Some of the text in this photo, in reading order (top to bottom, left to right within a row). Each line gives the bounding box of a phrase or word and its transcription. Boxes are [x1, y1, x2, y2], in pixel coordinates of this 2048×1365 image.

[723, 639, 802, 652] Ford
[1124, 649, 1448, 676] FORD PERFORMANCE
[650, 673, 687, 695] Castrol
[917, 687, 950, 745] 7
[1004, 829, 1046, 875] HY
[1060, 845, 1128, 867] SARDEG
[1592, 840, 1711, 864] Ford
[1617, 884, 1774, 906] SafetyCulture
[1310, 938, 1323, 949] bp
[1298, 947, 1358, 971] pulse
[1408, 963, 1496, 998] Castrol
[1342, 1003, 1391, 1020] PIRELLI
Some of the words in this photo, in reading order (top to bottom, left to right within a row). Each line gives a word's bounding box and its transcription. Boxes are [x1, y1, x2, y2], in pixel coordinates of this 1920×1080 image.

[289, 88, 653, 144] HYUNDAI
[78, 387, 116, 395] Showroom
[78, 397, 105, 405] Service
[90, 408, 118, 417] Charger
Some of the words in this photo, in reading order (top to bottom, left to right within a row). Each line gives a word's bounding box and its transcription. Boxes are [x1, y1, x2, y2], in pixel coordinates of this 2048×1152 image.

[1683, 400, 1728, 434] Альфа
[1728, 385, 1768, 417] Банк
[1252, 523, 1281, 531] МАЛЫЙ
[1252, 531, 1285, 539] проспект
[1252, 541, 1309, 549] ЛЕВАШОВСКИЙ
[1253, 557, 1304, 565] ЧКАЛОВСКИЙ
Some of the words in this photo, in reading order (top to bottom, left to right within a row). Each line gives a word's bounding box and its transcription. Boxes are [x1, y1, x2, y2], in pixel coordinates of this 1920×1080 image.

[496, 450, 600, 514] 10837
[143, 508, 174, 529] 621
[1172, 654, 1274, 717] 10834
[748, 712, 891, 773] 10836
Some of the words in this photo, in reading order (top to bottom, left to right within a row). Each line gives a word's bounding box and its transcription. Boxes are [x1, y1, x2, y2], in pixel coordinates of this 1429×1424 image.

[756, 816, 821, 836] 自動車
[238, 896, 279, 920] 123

• [Your objective]: Could you restate the listing above word for word?

• [Result for this exercise]:
Some of the text in this photo, in reading order (top to bottom, left to right within a row). Each line gives the bounding box of a phrase or word and its transcription. Boxes are [x1, y1, x2, y2], in pixel coordinates of this 2048×1365 image.

[723, 639, 802, 652] Ford
[1124, 649, 1448, 676] FORD PERFORMANCE
[650, 673, 687, 695] Castrol
[917, 687, 950, 745] 7
[1004, 829, 1046, 875] HY
[1060, 845, 1128, 867] SARDEG
[1592, 840, 1711, 864] Ford
[1617, 884, 1774, 906] SafetyCulture
[1310, 938, 1323, 949] bp
[1298, 947, 1358, 971] pulse
[1408, 963, 1496, 998] Castrol
[1342, 1003, 1391, 1020] PIRELLI
Some of the words in this photo, in reading order (top to bottom, left to right within a row). Each line gives a word's bounding box and its transcription. Boxes are [x1, y1, x2, y2], in pixel coordinates of this 1920×1080 image.

[289, 88, 653, 144] HYUNDAI
[78, 387, 116, 395] Showroom
[78, 397, 105, 405] Service
[90, 408, 118, 417] Charger
Some of the words in this photo, in reading order (top to bottom, left to right within a row). Each line gives a word's bounding box and its transcription. Boxes are [x1, y1, x2, y2], in pixel coordinates of this 2048×1152 image.

[1683, 400, 1728, 434] Альфа
[1728, 385, 1768, 417] Банк
[1252, 523, 1281, 531] МАЛЫЙ
[1252, 531, 1285, 539] проспект
[1252, 541, 1309, 549] ЛЕВАШОВСКИЙ
[1253, 557, 1304, 565] ЧКАЛОВСКИЙ
Some of the words in this photo, in reading order (top to bottom, left to right within a row). Each line gives a word's bounding box and its transcription. Boxes are [x1, y1, x2, y2], in pixel coordinates of this 1920×1080 image.

[496, 450, 600, 514] 10837
[143, 508, 174, 529] 621
[1172, 654, 1274, 717] 10834
[748, 712, 891, 773] 10836
Some of the words in this photo, in reading order (top to bottom, left to right within a row). Each line gives a word's bounding box and its transcription. Boxes are [x1, y1, x2, y2], in pixel coordinates of this 1429×1424 image.

[756, 816, 821, 836] 自動車
[238, 896, 279, 920] 123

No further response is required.